Il fit un tour sur les talons, et sortit, après avoir essayé de reprendre sa voix rude et sa figure sévère, pour signifier à la jeune fille qu'il ne lui restait plus, la montre à la main, que vingt-deux minutes à passer auprès de son père. Au bout des vingt-deux minutes, il était de retour, et faisait exécuter la consigne.

La maladie de Charney n'était que trop réelle. Quelle qu'en ait été la cause, un soir, après avoir rendu à _Picciola_ sa visite et ses soins ordinaires, un fort engourdissement l'avait atteint. La tête appesantie et les membres agités de tremblemens nerveux, il s'était couché, dédaignant d'appeler quelqu'un à son aide, et remettant au sommeil le soin de sa guérison.

Le sommeil n'était pas venu, mais la douleur; et le lendemain, lorsque le comte voulut se lever, une puissance plus forte que sa volonté le retint cloué sur son grabat. Il ferma les yeux et se résigna.

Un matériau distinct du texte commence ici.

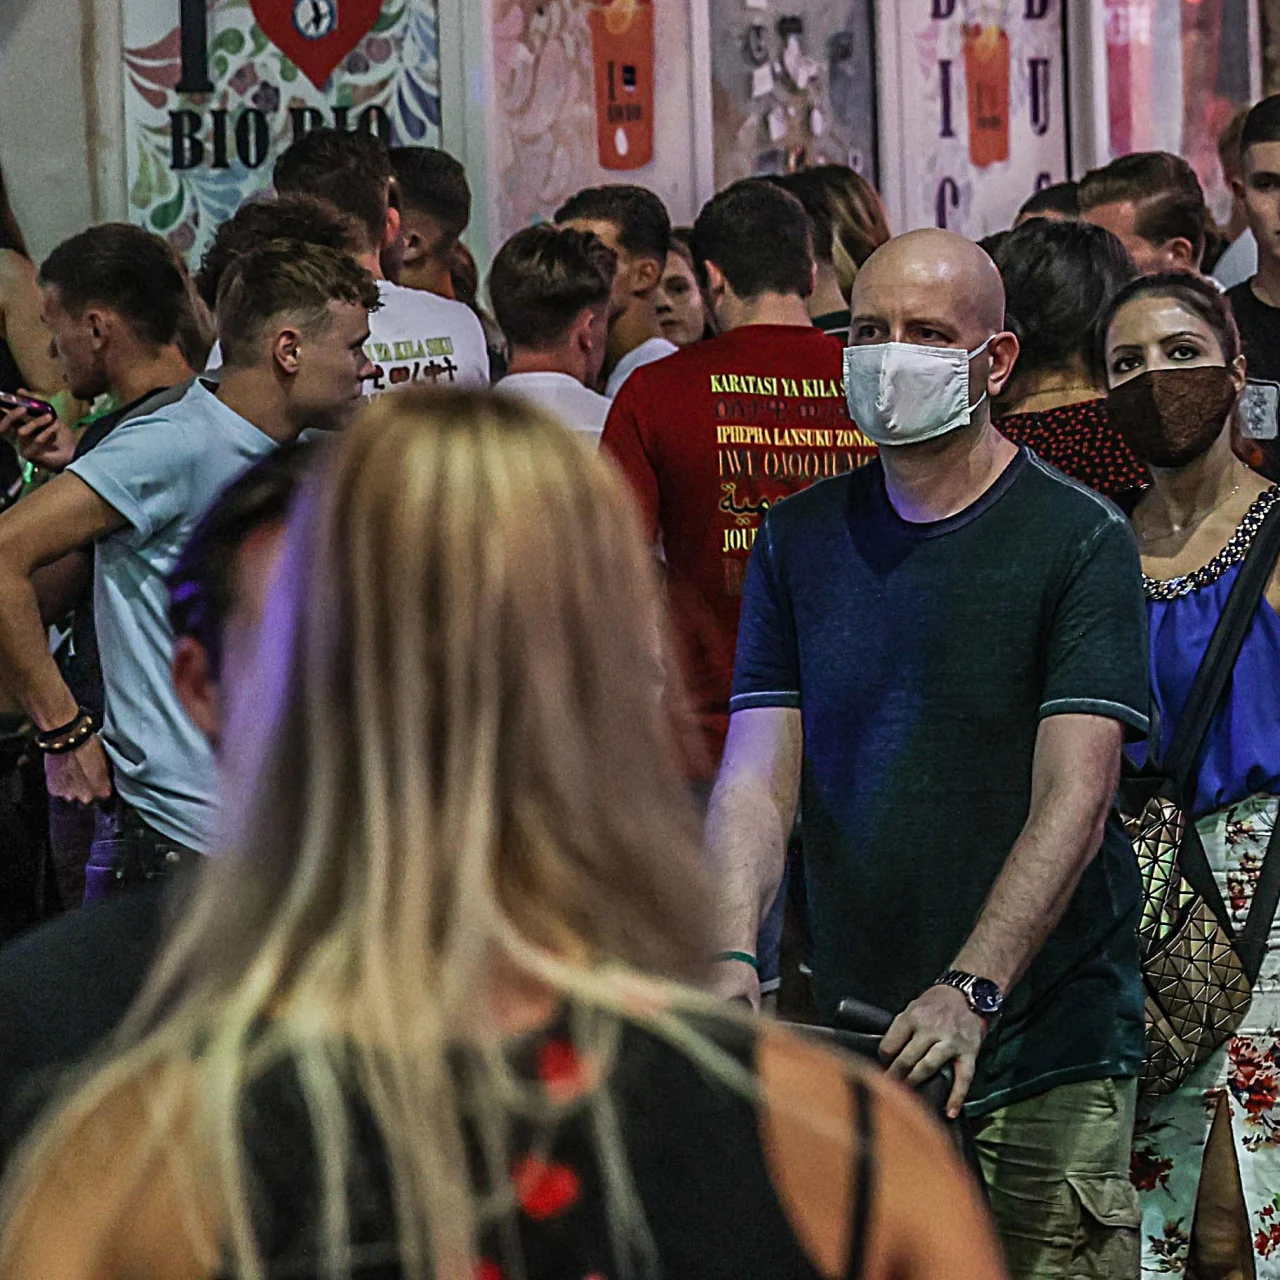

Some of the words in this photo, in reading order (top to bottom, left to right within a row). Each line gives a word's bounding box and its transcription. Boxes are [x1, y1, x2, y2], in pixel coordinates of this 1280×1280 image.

[169, 106, 270, 170] BIO
[710, 374, 778, 396] KARATASI
[781, 378, 799, 397] YA
[802, 379, 838, 398] KILA
[717, 425, 771, 445] IPHEPHA
[774, 427, 833, 447] LANSUKU
[836, 429, 878, 447] ZONK
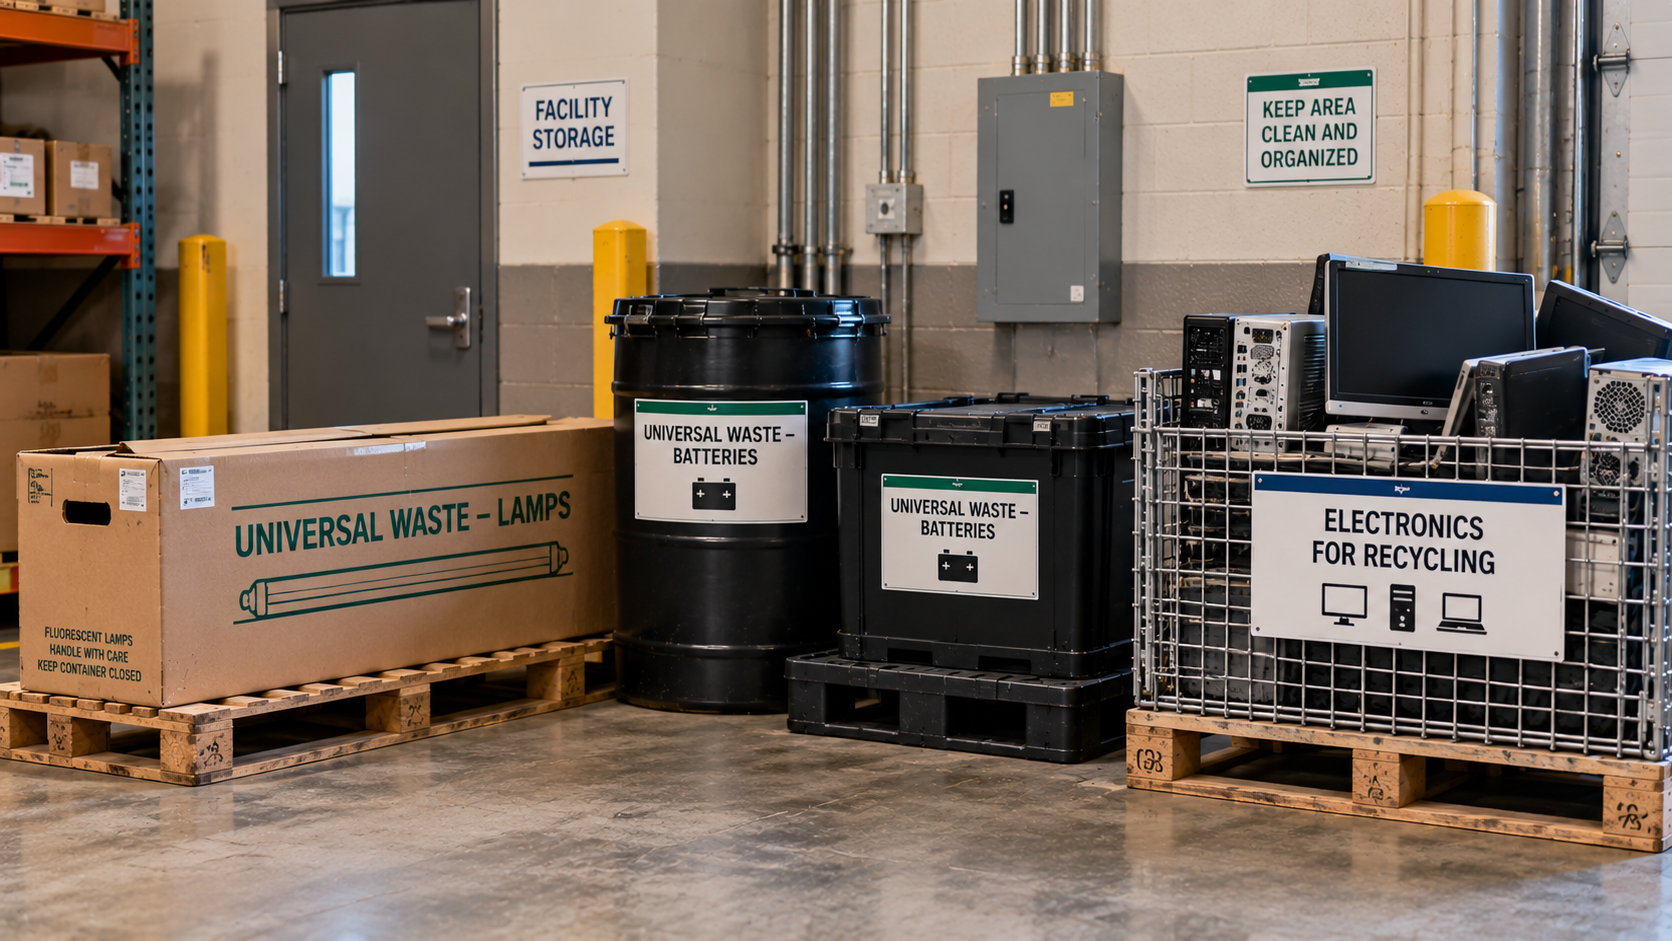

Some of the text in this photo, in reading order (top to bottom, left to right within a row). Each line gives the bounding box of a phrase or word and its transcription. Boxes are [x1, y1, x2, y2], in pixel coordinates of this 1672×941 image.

[536, 96, 613, 121] FACILITY
[1263, 97, 1356, 118] KEEP AREA
[532, 126, 615, 149] STORAGE
[1261, 123, 1358, 143] CLEAN AND
[1260, 148, 1359, 168] ORGANIZED
[644, 425, 723, 442] UNIVERSAL
[726, 426, 781, 442] WASTE
[673, 448, 758, 465] BATTERIES
[890, 498, 965, 516] UNIVERSAL
[968, 502, 1017, 519] WASTE
[235, 512, 384, 557] UNIVERSAL
[389, 502, 470, 539] WASTE
[497, 491, 572, 526] LAMPS
[920, 520, 996, 539] BATTERIES
[1324, 508, 1484, 540] ELECTRONICS
[1312, 541, 1495, 574] FOR RECYCLING
[44, 627, 134, 646] FLUORESCENT LAMPS
[49, 644, 129, 663] HANDLE WITH CARE
[37, 660, 142, 682] KEEP CONTAINER CLOSED

Devant le péril, son calme philosophique et son orgueil de conspirateur revinrent. Il se fût cru déshonoré d'exhaler un soupir, une plainte, ou d'implorer secours de ceux qui, violemment, l'avaient séquestré du monde. Il donna seulement quelques instructions à Ludovic au sujet de sa plante, dans le cas où il serait indéfiniment retenu captif dans son lit, dans ce _carcere duro_ qui venait aggraver encore son autre captivité. Les médecins arrivèrent, et il refusa de répondre à leurs questions. Il lui semblait que sa vie n'étant plus à lui, il n'était pas chargé de sa conservation, pas plus que de la gestion de ses biens confisqués, et que c'était à ceux qui s'appropriaient le tout à veiller sur le tout!

Les médecins ne tinrent compte d'abord de cette révolte, et ils insistèrent. Rebutés enfin par le silence obstiné du malade, ils se décidèrent à ne plus interroger que la maladie elle-même.